▶ [Source data]:

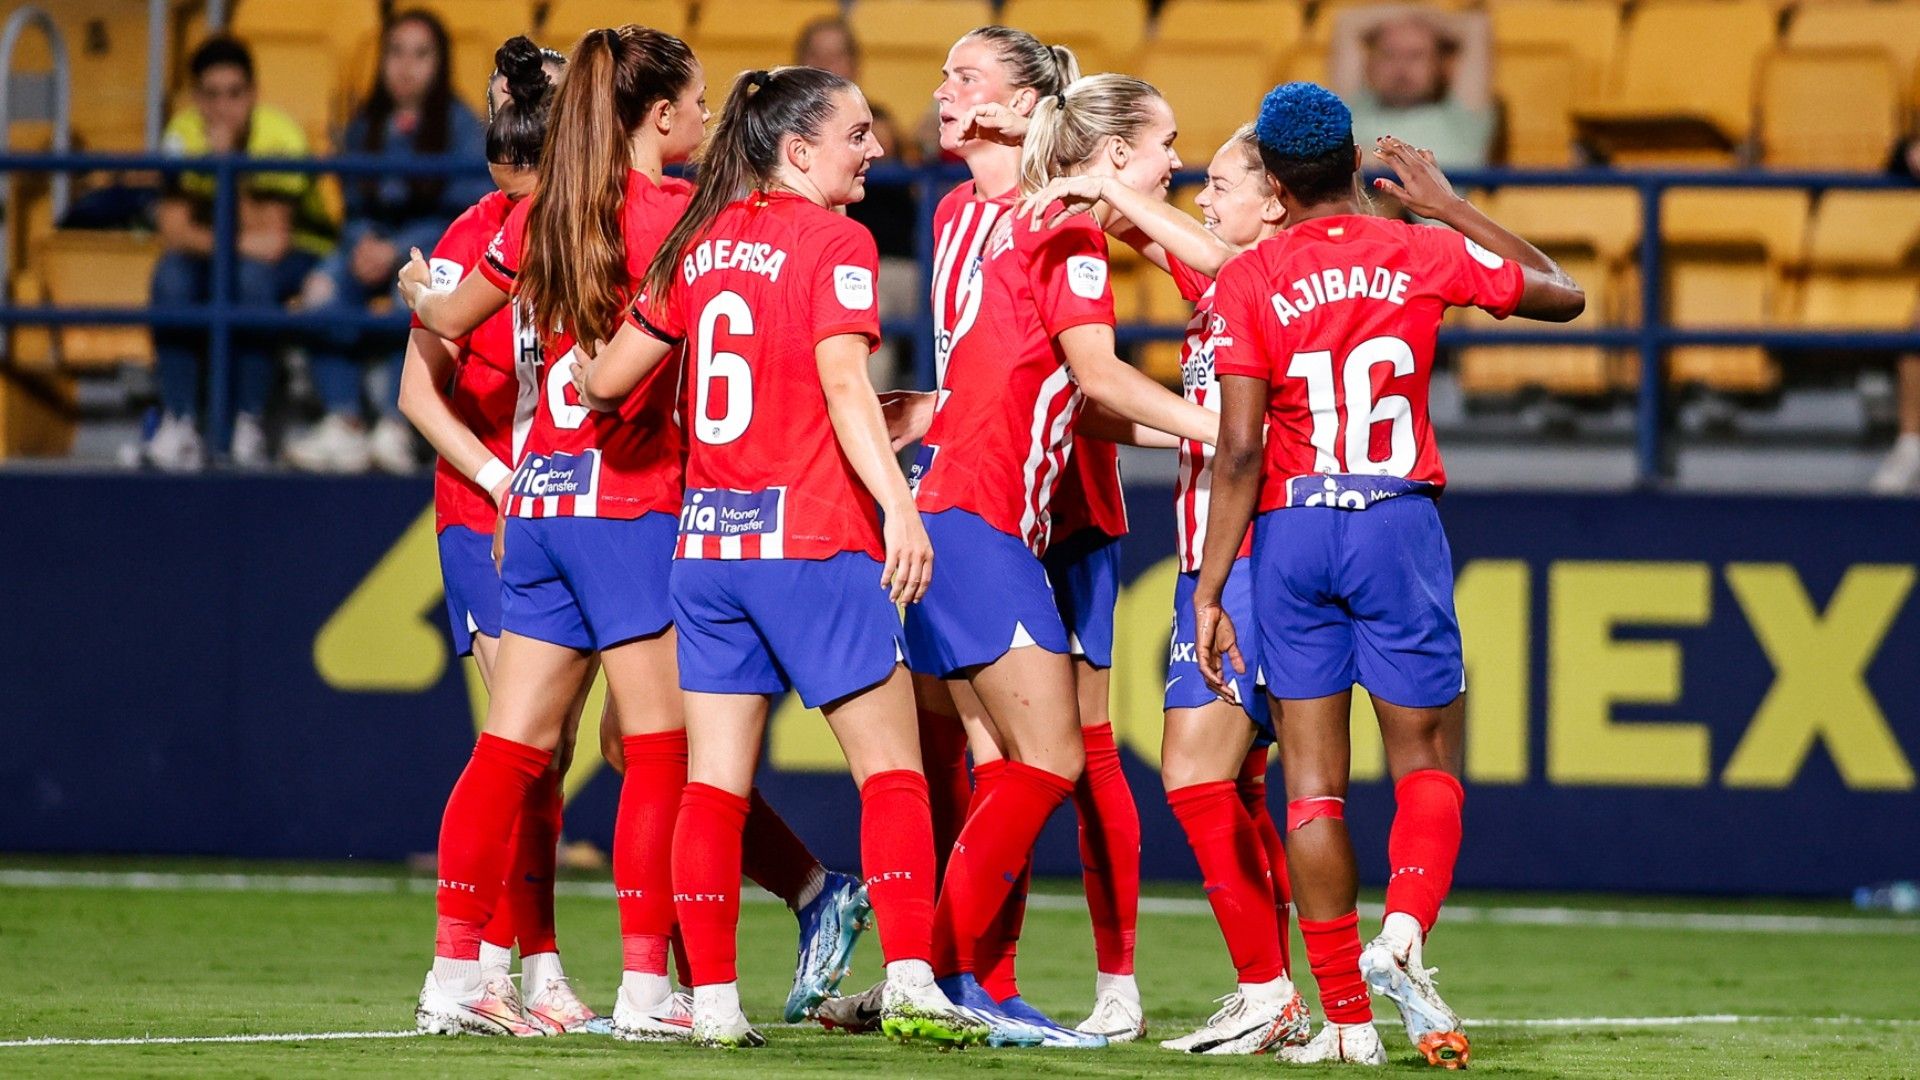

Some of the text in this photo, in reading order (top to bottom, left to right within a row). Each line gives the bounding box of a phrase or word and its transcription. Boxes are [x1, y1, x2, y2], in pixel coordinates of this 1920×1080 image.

[1270, 266, 1412, 327] AJIBADE
[695, 290, 754, 445] 6
[1286, 336, 1416, 478] 16
[514, 458, 550, 495] ria
[545, 480, 579, 493] ransfer
[679, 493, 716, 532] ria
[719, 519, 764, 534] Transfer
[721, 506, 760, 520] Money
[438, 879, 476, 893] TLETI
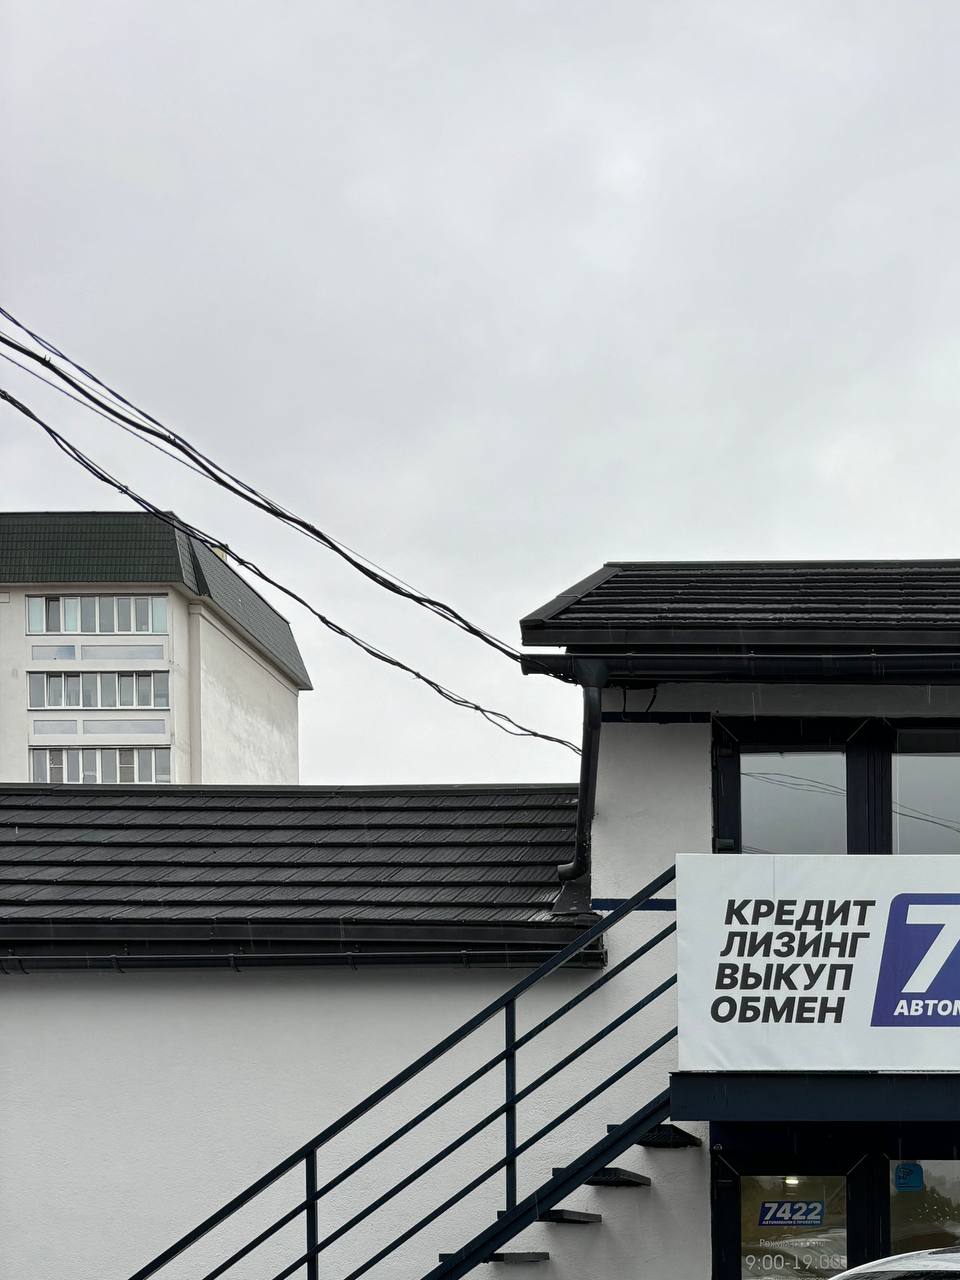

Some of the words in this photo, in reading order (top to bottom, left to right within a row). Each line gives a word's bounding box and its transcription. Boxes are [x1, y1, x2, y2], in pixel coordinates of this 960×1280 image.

[724, 899, 876, 931] КРЕДИТ
[720, 931, 870, 958] ЛИЗИНГ
[715, 963, 853, 991] ВЫКУП
[711, 996, 845, 1023] ОБМЕН
[764, 1202, 822, 1220] 7422
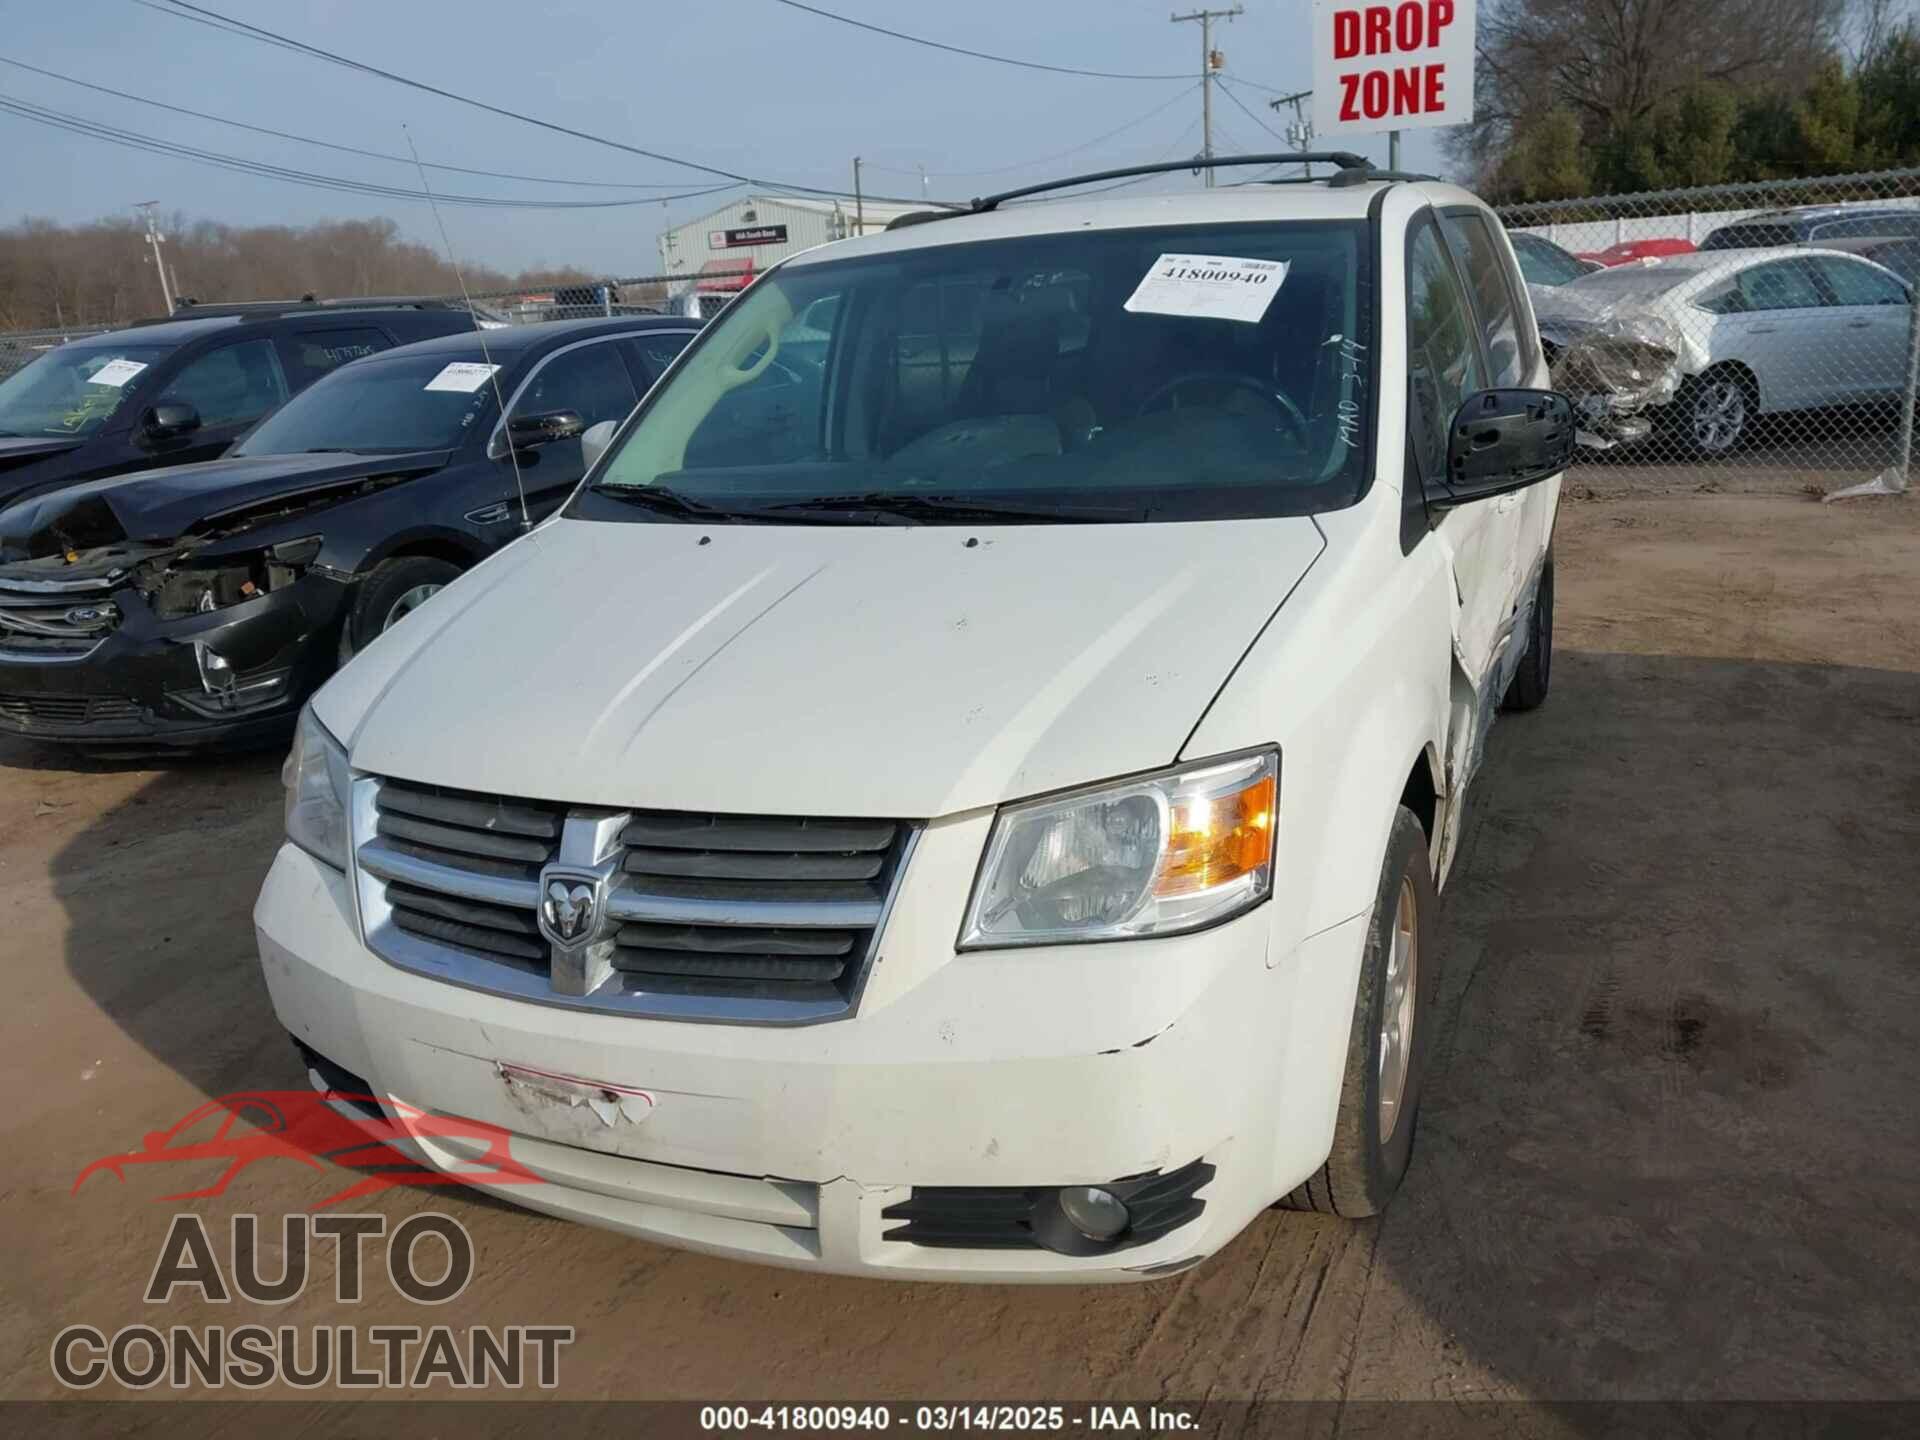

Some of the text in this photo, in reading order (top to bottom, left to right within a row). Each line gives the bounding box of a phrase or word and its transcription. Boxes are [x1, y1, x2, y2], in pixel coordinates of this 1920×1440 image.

[1334, 0, 1455, 60] DROP
[1339, 64, 1446, 122] ZONE
[1161, 266, 1268, 285] 41800940

▶ [What you are asked to do]:
Everything from the line with "this 1920×1440 image." to the last line of the entries above is to be retyped exactly. Include both ends.

▶ [Output of the task]:
Some of the text in this photo, in reading order (top to bottom, left to right within a row). Each line gives the bounding box of a phrase or word and its transcription. Boxes are [x1, y1, x2, y2], in pixel coordinates of this 1920×1440 image.

[1334, 0, 1455, 60] DROP
[1339, 64, 1446, 122] ZONE
[1161, 266, 1268, 285] 41800940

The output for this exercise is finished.